Everything in the listing below has to be repeated exactly, except the pictures.
_ _ _
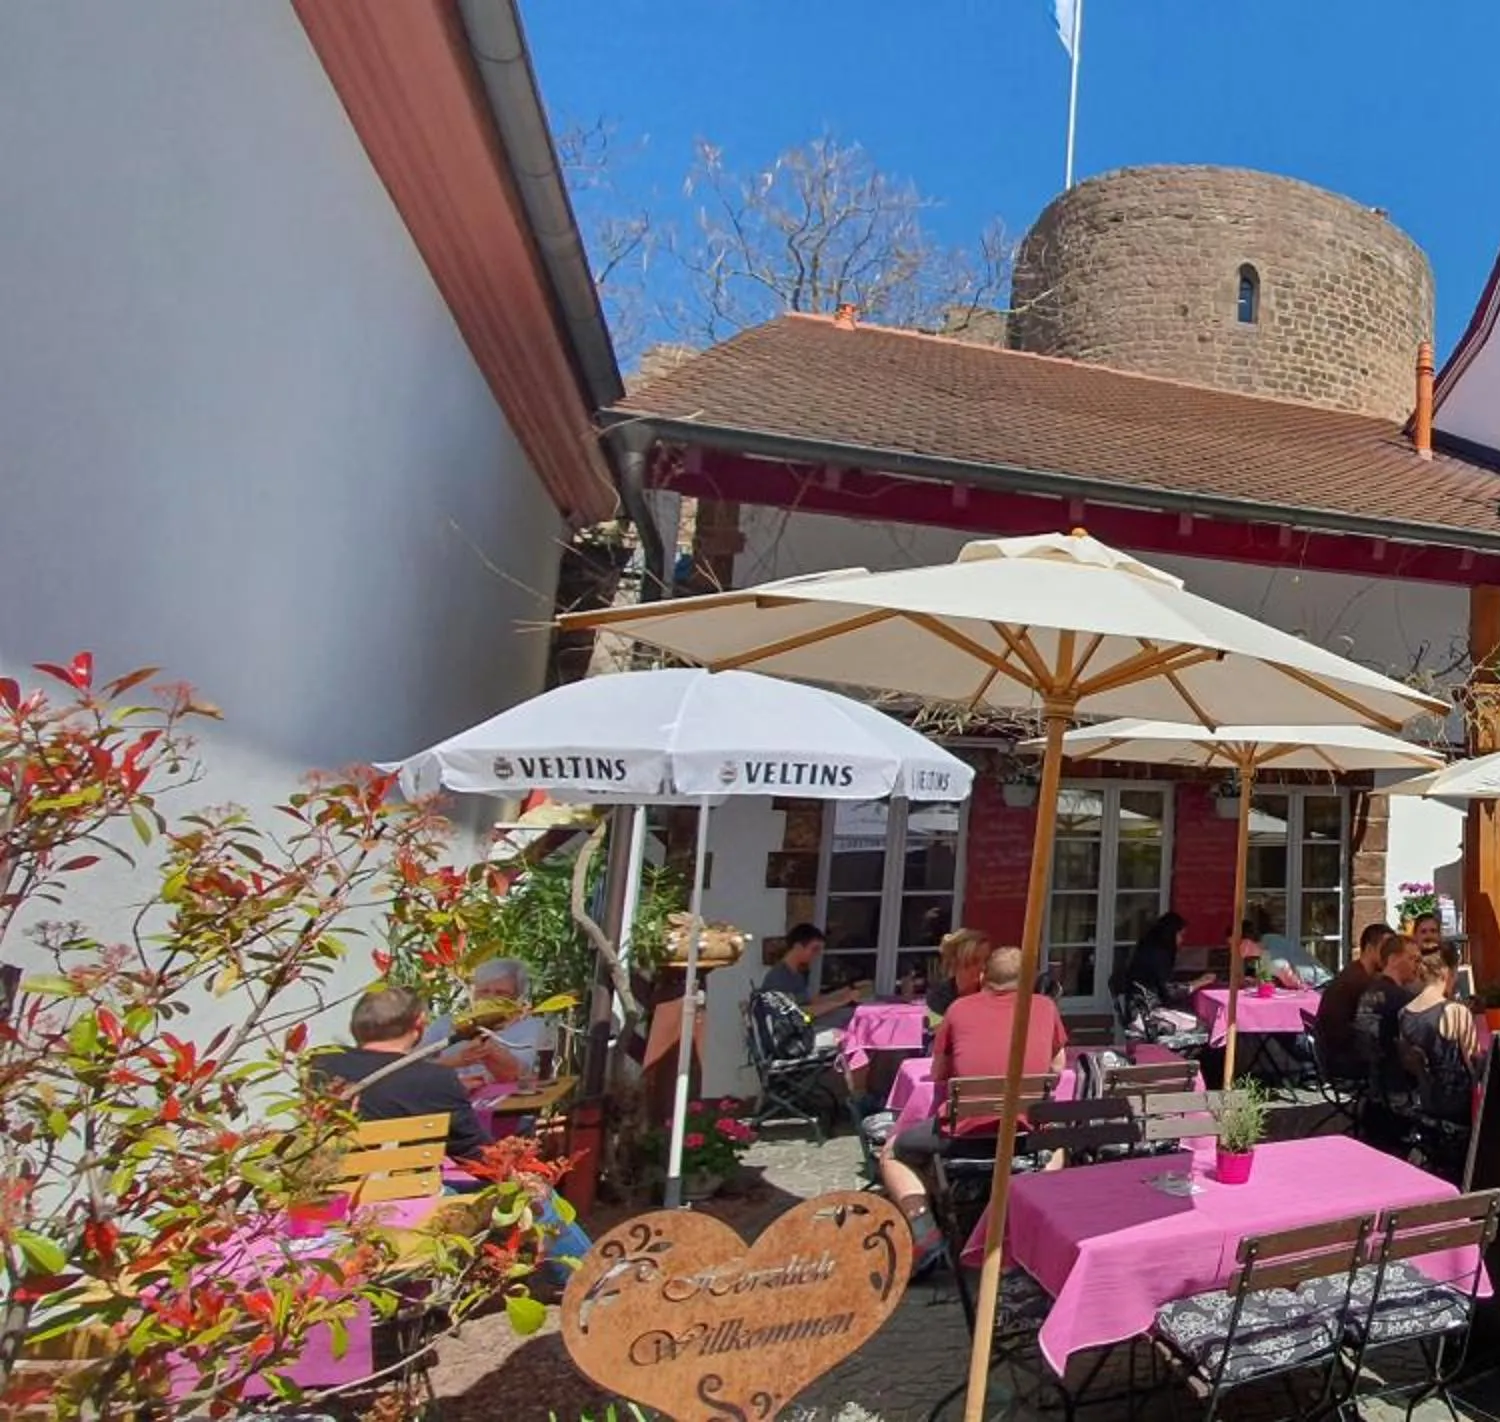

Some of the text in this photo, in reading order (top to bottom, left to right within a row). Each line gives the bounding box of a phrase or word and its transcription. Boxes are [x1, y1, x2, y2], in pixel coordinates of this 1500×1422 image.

[517, 756, 627, 782] VELTINS
[744, 761, 854, 787] VELTINS
[661, 1249, 837, 1303] Herzlich
[629, 1311, 855, 1367] Willkommen
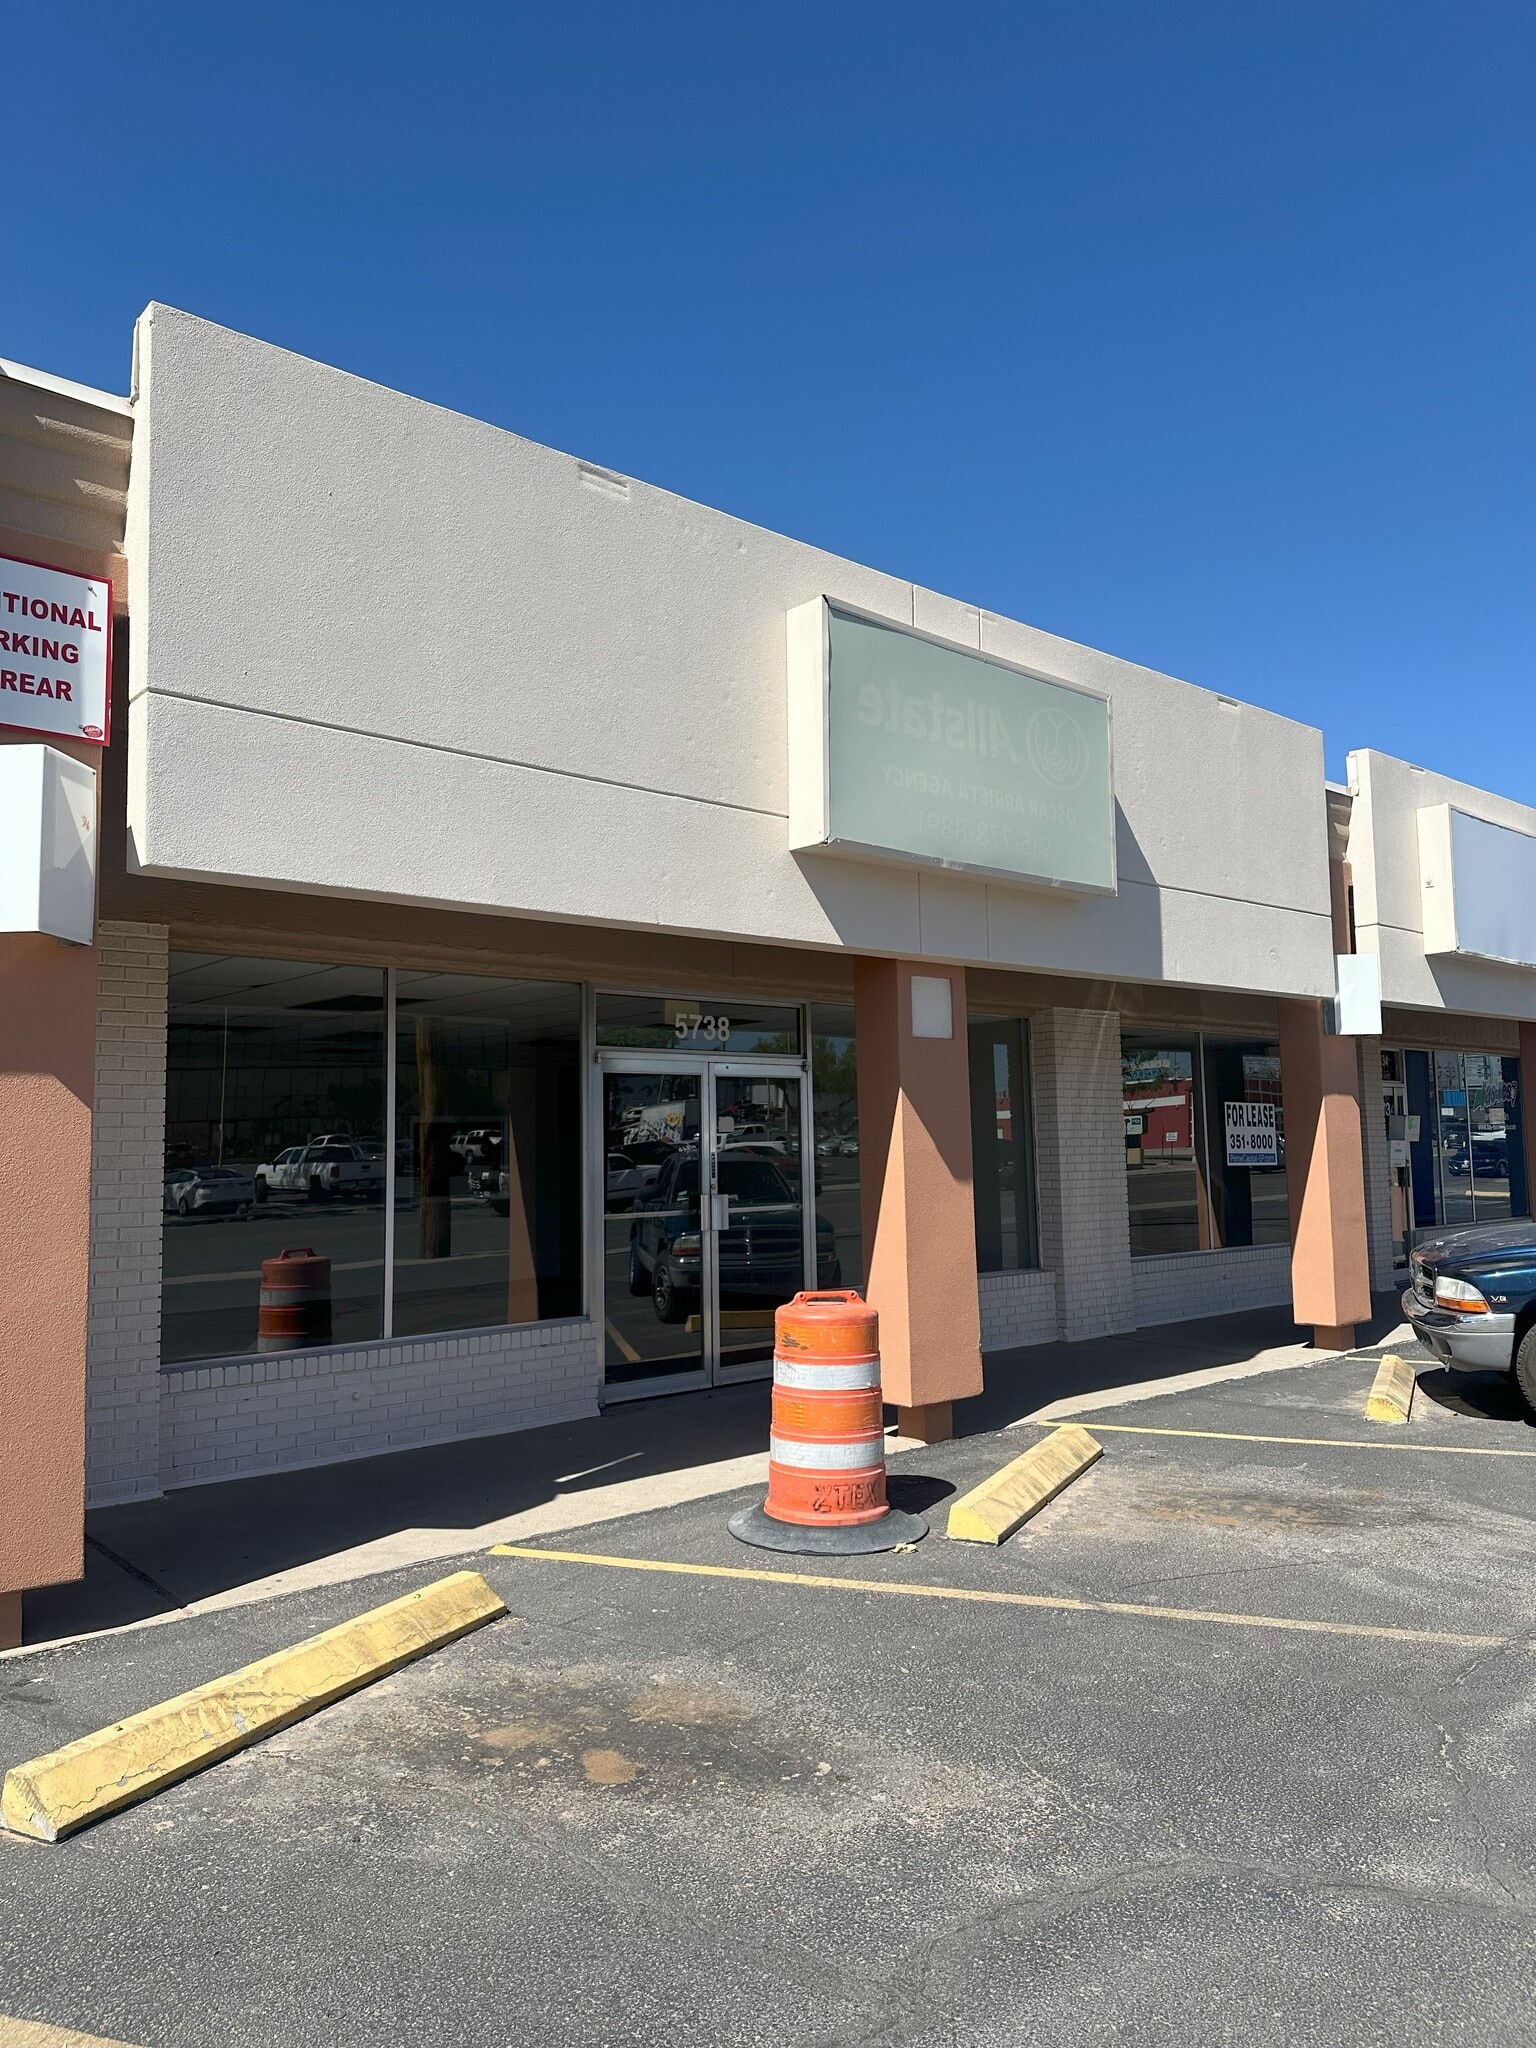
_ _ _
• The answer:
Some of the text in this photo, in reading order (top to bottom, left to right within a row). Each line gives the bounding box of a phrase or word and its transcription. Boxes are [x1, y1, x2, y2], in pixel coordinates of this 1500×1422 image.

[517, 756, 627, 782] VELTINS
[744, 761, 854, 787] VELTINS
[661, 1249, 837, 1303] Herzlich
[629, 1311, 855, 1367] Willkommen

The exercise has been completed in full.